FY21 Financial Performance:

  • The Group has recorded an improved revenue of US$68,613 in FY21, compared to US$59,061 in FY20, reflecting a strategic strengthening in clinical and commercialisation.
  • In FY21, the company has reported an increase in receivable to US$565,286 vs US$195,573 on a pcp basis.
  • However, there is an increase in a net loss to US$45.34 million in FY21 against a loss of US$11.12 million, impacted due to a rise in net foreign exchange loss.
  • At the end of the period, the company’s cash position stood at US$118.19 million as of 30 June 2021 vs US$$42.65 million as of 30 June 2020.

Total Assets (Source: Analysis by Kalkine Group)

Key Risks:

  • Impact of COVID-19 pandemic- The company caused a disruption in its clinical trial during the COVID-19 pandemic, and delays in trials could have an impact on its operations going forward.
  • Interest Rate Risk- The company is exposed to fluctuations in interest rates that might impact its earnings and cash flow.

Outlook:

  • The management focuses on recapitalising, advancing the clinical trial, and creating better company visibility in the international market.
  • The company continues to enrol more patients and ensure to execute the pivotal registrational program with an objective to report Phase 3 topline data in 2H CY 2023.
  • It continues to advance its clinical development of OPT-302 and progress towards effective manufacturing, commercialisation, and regulatory engagement.

Valuation Methodology: Price/Book Multiple Based Relative Valuation (Illustrative)

Source: Analysis by Kalkine Group

*% Premium/(Discount) is based on our assessment of the company’s NTM trading multiple after considering its key growth drivers, economic moat, stock's historical trading multiples versus peer average/median, and investment risks.

Stock Recommendation: The stock of OPT is trading below its average 52-weeks' levels of $1.210-$3.280. The stock of OPT gave a negative return of ~1.53% in the past one week and a negative return of ~36.63% in the past nine months. The stock has been valued using Price/Book Value multiple-based illustrative relative valuation and arrived at a target price of low double-digit upside (in % terms). The company might trade at a slight premium to its peers, considering the economic recovery and increase in marketing expenses. For the purpose of valuation, peers such as Integral Diagnostics Ltd (ASX: IDX), Mesoblast Ltd (ASX: MSB), AVITA Medical Inc (ASX: AVH) and others have been considered. Considering the current trading levels, indicative upside in valuation, strategic commercialisation, awarded an OPT-302 Fast Track designation, optimistic outlook, and the key risks associated with the business, we recommend a 'Speculative Buy' rating on the stock at the current market price of $1.255, as on 12 October 2021, 1:05 PM (GMT+10), Sydney, Eastern Australia.
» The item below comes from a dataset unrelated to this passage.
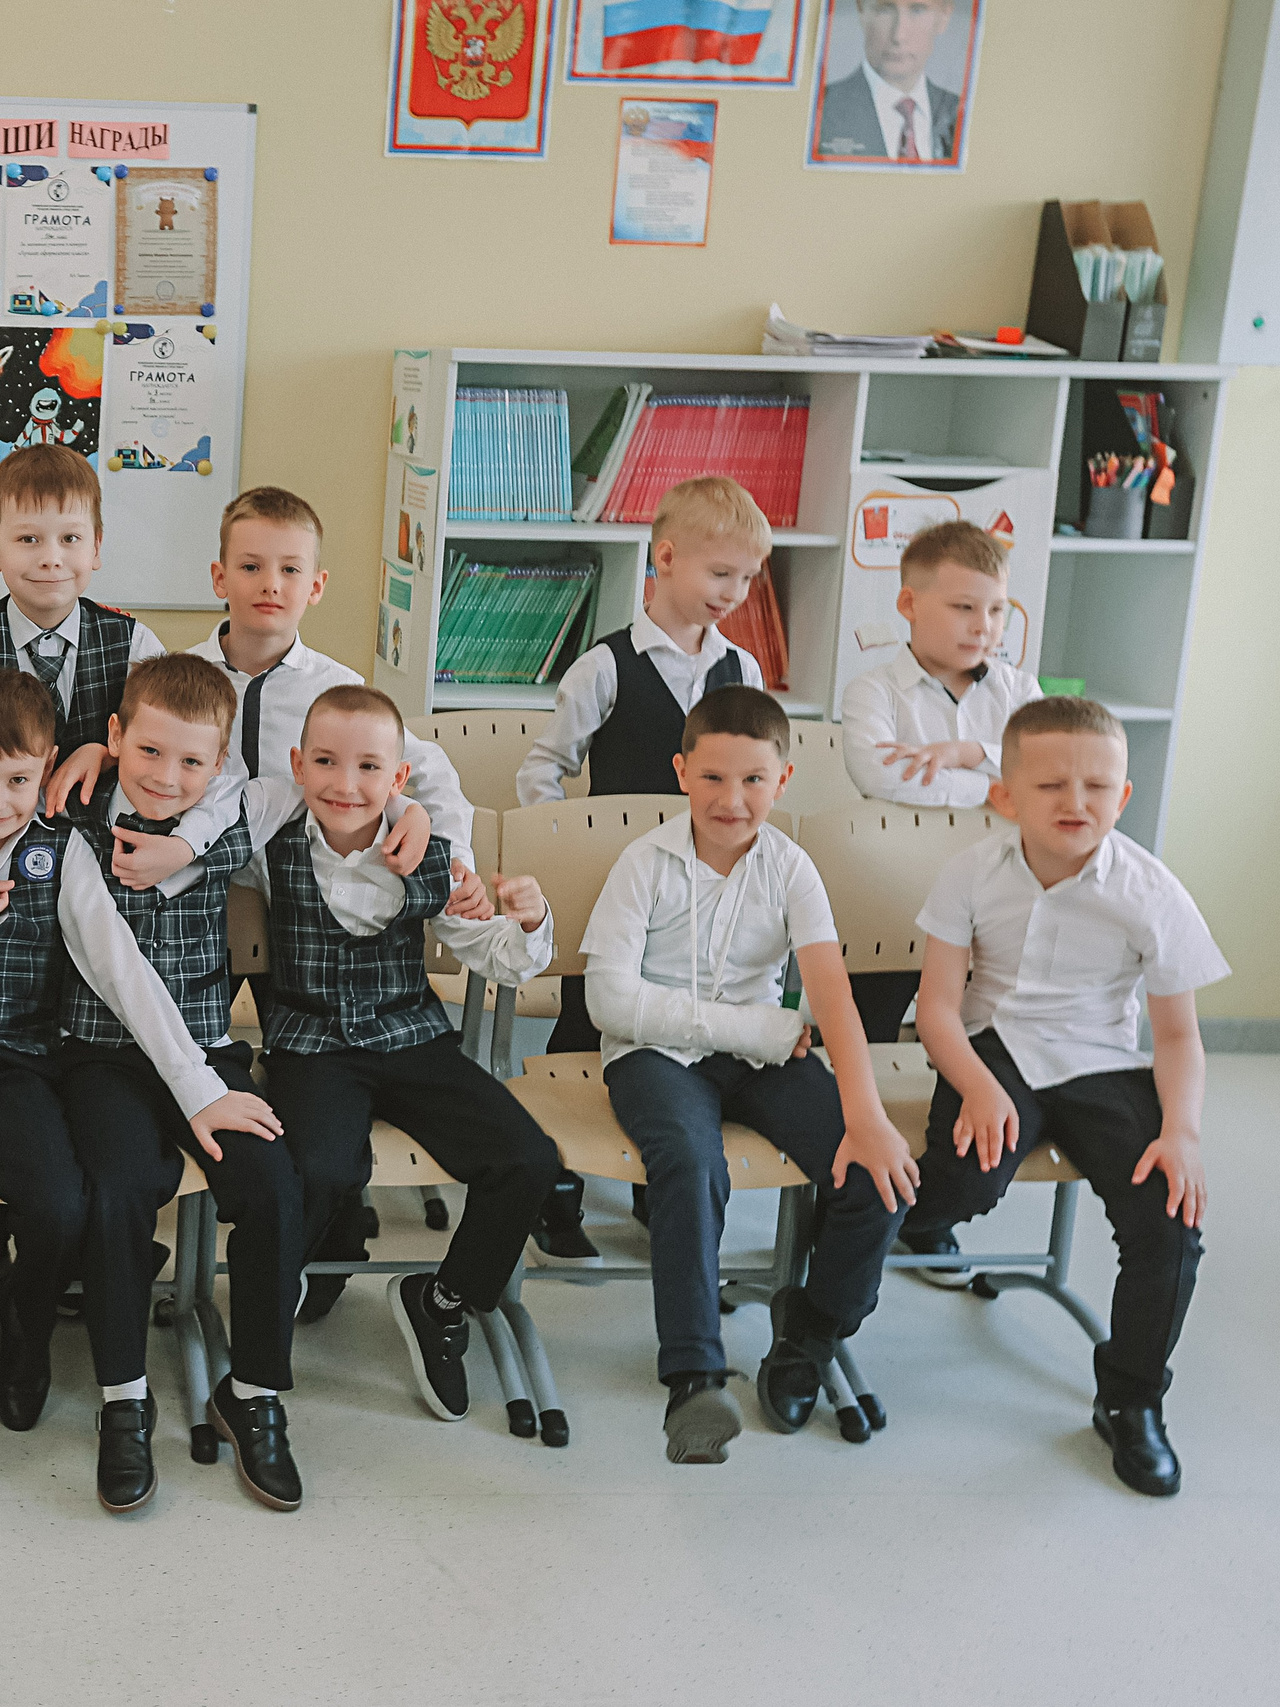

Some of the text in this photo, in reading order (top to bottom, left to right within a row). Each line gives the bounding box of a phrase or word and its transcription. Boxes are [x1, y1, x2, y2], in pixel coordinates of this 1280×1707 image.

[69, 121, 168, 152] НАГРАДЫ
[24, 214, 91, 226] ГРАМОТА
[129, 370, 196, 383] ГРАМОТА
OPT Daily Technical Chart, Data Source: REFINITIV

Note 1: The reference data in this report has been partly sourced from REFINITIV

Note 2: Investment decisions should be made depending on the investors’ appetite on upside potential, risks, holding duration, and any previous holdings. Investors can consider exiting from the stock if the Target Price mentioned as per the analysis has been achieved and subject to the factors discussed above alongside support levels provided.

Technical Indicators Defined: -

Support: A level where-in the stock prices tend to find support if they are falling, and downtrend may take a pause backed by demand or buying interest.

Resistance: A level where-in the stock prices tend to find resistance when they are rising, and uptrend may take a pause due to profit booking or selling interest.

Stop-loss: It is a level to protect further losses in case of unfavourable movement in the stock prices.